He needed to go to the OR urgently to have the neck abscess opened and drained, but the question was how to control his airway (place a breathing tube in his trachea) and induce anesthesia safely for the procedure.
This is the type of clinical dilemma that anesthesiologists face on a regular basis – and like most clinical judgments, you often make a decision without knowing with absolute certainty that it is the correct one.
Ordinarily with this type of situation an awake nasal endotracheal intubation under fiberoptic guidance (placing a breathing tube through a nostril and into the trachea using a fiberoptic scope to visualize the trachea, while the patient is conscious and breathing) would be the preferred technique. But that technique requires a cooperative patient with whom you can communicate. And this patient was not cooperative, and did not understand the 2 commonest languages spoken in Kenya.
So Peter Bird (our chief of surgery at Kijabe) and I agreed that I would attempt to intubate the patient using a video-laryngoscope (a fiberoptic device that is placed in the patient's mouth and allows visualization of the pharynx and hopefully the vocal cords) and that he would be present to perform an urgent tracheotomy should I be unsuccessful.
We prayed with our patient - as we always do prior to surgery. And then had him breath 100% oxygen for 3 minutes (called pre-oxygenating the patient) in order to ensure that his functional residual capacity (the volume of gas remaining in the lungs at the end of a normal exhalation) was completely full of oxygen. This would allow him to maintain a normal blood oxygen content for about 5 minutes after he stopped breathing, and would give me the maximum possible time to intubate his trachea if I could not ventilate him by mask after induction of anesthesia.
While this was taking place Dr. Bird was prepping his neck and ensuring he had all the necessary equipment should he need to perform a tracheotomy.
We then rapidly induced anesthesia and I attempted to visualize his vocal cords using an old Glidescope (a type of video-laryngoscope). It was difficult to visualize his glottic opening due to the distorted anatomy caused by the abscess. Fortunately, we were able to ventilate him by mask between intubation attempts – and on the third attempt I successfully intubated his trachea.
We transferred the patient to the ICU as we did not think it safe to extubate him until the swelling in his neck had further resolved.
As is the case in many patients we see at Kijabe, this patient did not present until his disease process prevented him from carrying out the normal activities of life. He sought medical care only when he could no longer eat or drink.
The biopsy that was taken in the OR revealed that this young man had squamous cell cancer. He was referred to an ENT physician for specialty care, but died several weeks later of complications related to his cancer.

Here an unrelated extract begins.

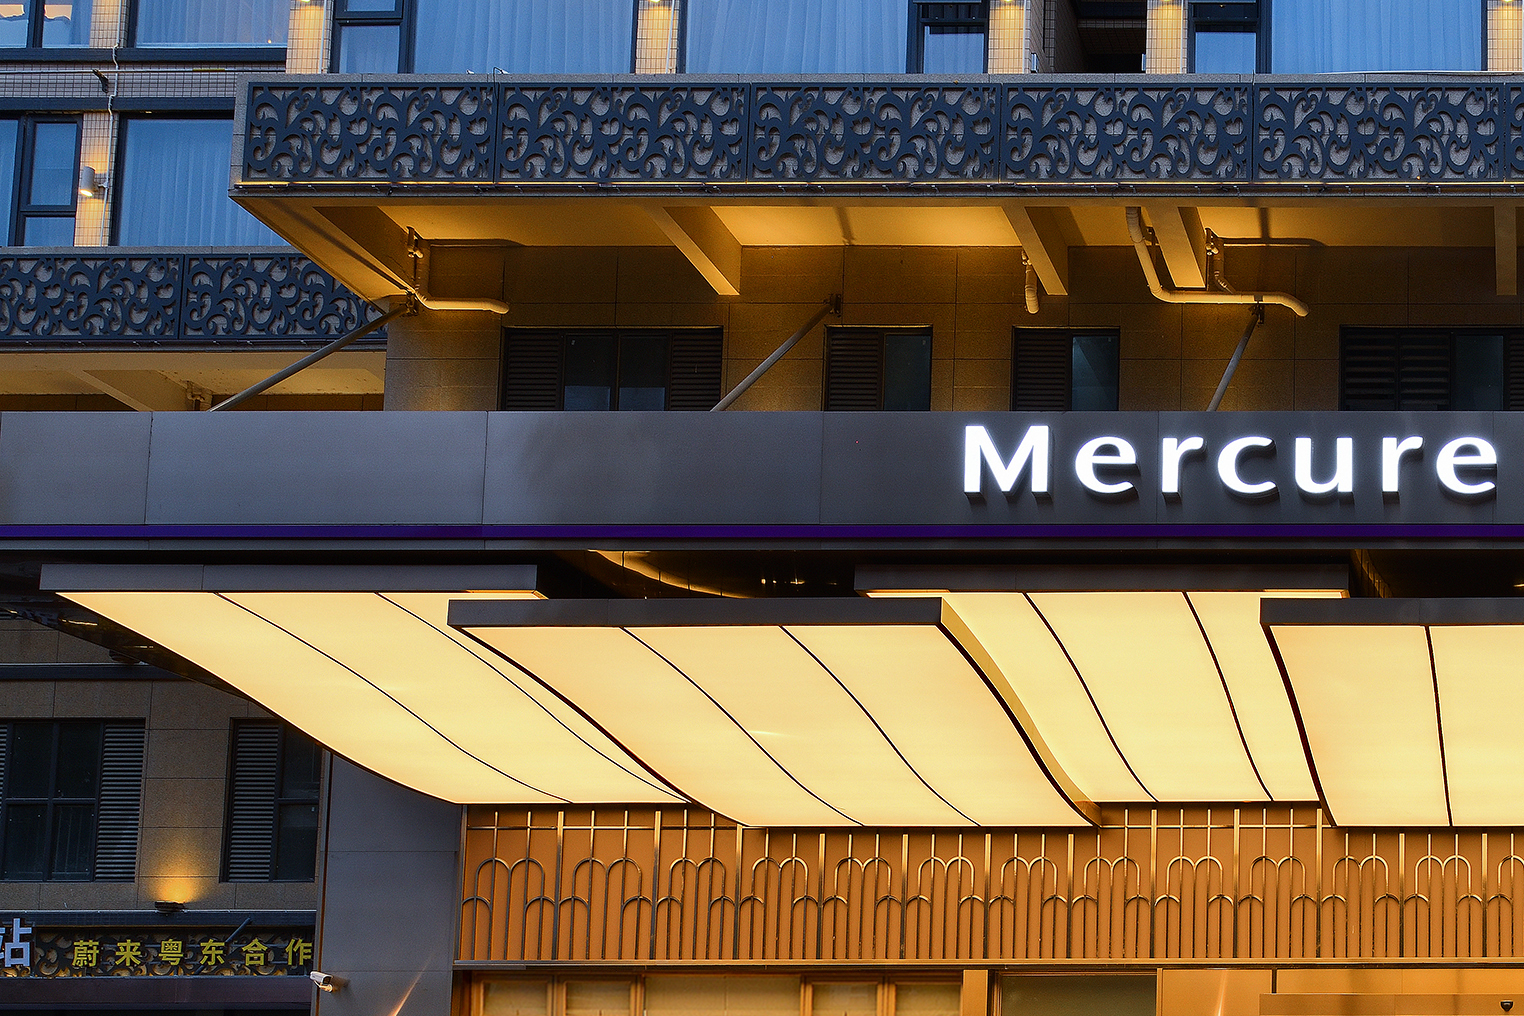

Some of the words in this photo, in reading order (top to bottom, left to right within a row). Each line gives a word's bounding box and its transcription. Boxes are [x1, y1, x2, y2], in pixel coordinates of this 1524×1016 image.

This is one of the hard realities of practicing medicine in East Africa. Many patients present late in their disease process, and we cannot offer them all of the options available in high-resource countries.
But we are called to "walk by faith, not by sight". And walking by faith in this setting means offering the best care possible to those who need it. Not knowing if we will be successful in our attempts to promote healing, but trusting in the fact that we have a sovereign God; who calls us to persevere and to keep our eyes fixed on Jesus - the author and perfecter of our faith
Part of walking with these patients is not just helping them recover their health, but in the event that nothing can be done, it is to help the family process their grief. Please pray for this family, that their time at Kijabe softened their hearts to the gospel, and that God would bring other Christians into their lives.